Critics are chortling. “The reversal shows he misunderstood J.C. Penney’s customers at the start and that his ambitious plan isn’t taking hold,” Forbes reports. Johnson is “scrambling to recover from his disastrous move last year to ditch traditional department-store discounting,” writes the New York Post. Putting it more delicately, retail consultant Walter Loeb tells the AP that Johnson “is now realizing that he has to be more promotional to attract shoppers.”


In addition to sales, and don’t-call-them-coupons coupons, JCPenney is adding “suggested retail prices” to tags and signs for the majority of its products. “I still believe that the customer knows the right price, but they want help,” Johnson told the AP. But some retail consultants are dismissing the price comparison as as a gimmick, saying it represents a false savings, since few department stores actually charge anything close to MSRP. The New York Post is even accusing JCPenney of showing “fake prices”, by “pushing some manufacturers to concoct phony suggested retail markups,” a charge that JCPenney denies.

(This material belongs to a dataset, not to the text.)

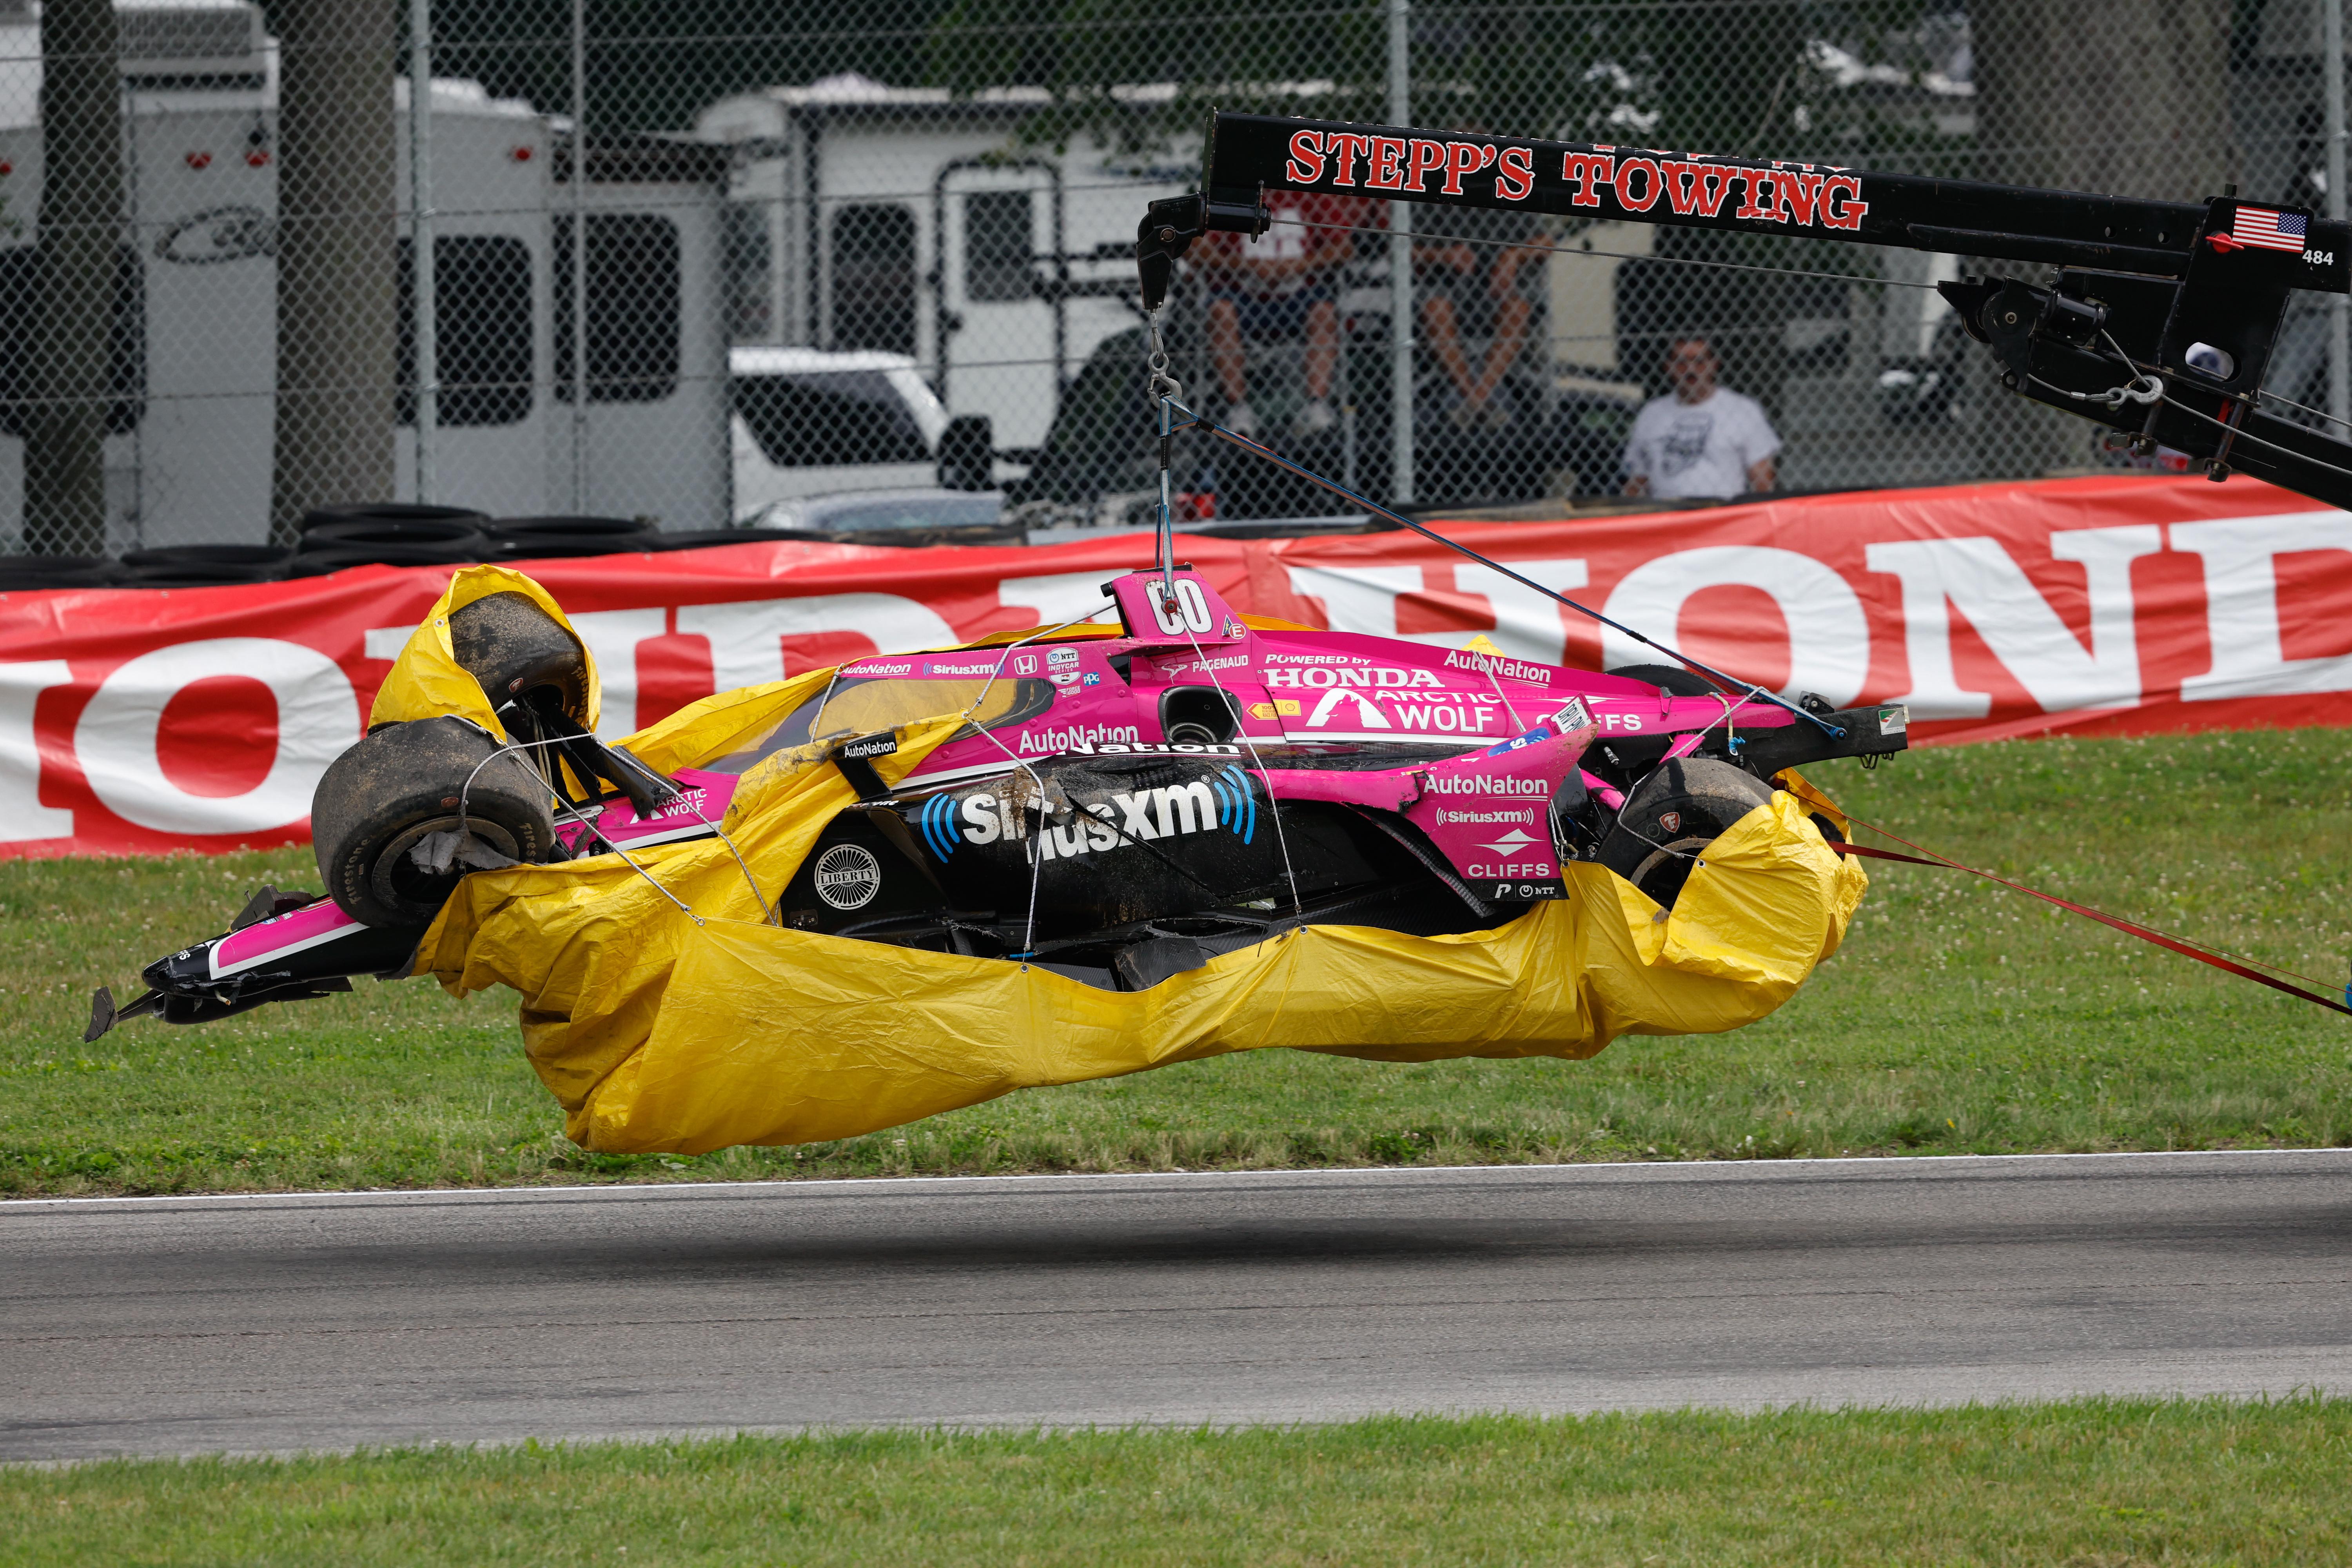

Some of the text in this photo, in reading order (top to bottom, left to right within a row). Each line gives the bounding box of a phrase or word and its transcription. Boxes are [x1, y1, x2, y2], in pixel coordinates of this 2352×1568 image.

“We had 590 unique promotions in one year,” Johnson said when he announced the abandonment of sales and coupons last year. “If you have to market that much, you don’t believe in your product.”

Many who initially covered his announcement bought into his ideas. “J.C. Penney just blew up its brand — in a good way,” reported Forbes. Others were skeptical from the start. “I think Ron Johnson is the wrong guy,” the always colorful retail analyst Howard Davidowitz said, after Johnson became CEO in 2011. “This is an incremental business. The story of Penney’s is not a reinvention. If you try to reinvent this, you’re going to go right into the s#!%house.”

A few months into the new pricing plan, Davidowitz was no less colorful, calling Johnson’s reinvention plan a “crackpot” idea that would cause “incalculable damage’ to the company.

One other prediction last year that proved prescient? Forbes’ comment in 2012 that “J.C. Penney is about to be the most interesting retail story of the year.”

You can say that again.

Image source: JCPenney



  1. Ha! Is that all they’re worried about?
    I recall their CEO calling his customers ignorant. …But that would be his FORMER costomers.
    Former customers. Like me.

    He’s so smart that he doesn’t need customers like me. Yea’ he’s so smart. Don’ ‘cha know.

  2. Very interesting. Coupon forums were blowing up last year over this. We’re also waiting to see how Walgreen’s fares with their Balance Rewards and now HEB and no stacking. Looking forward to seeing how it all plays out.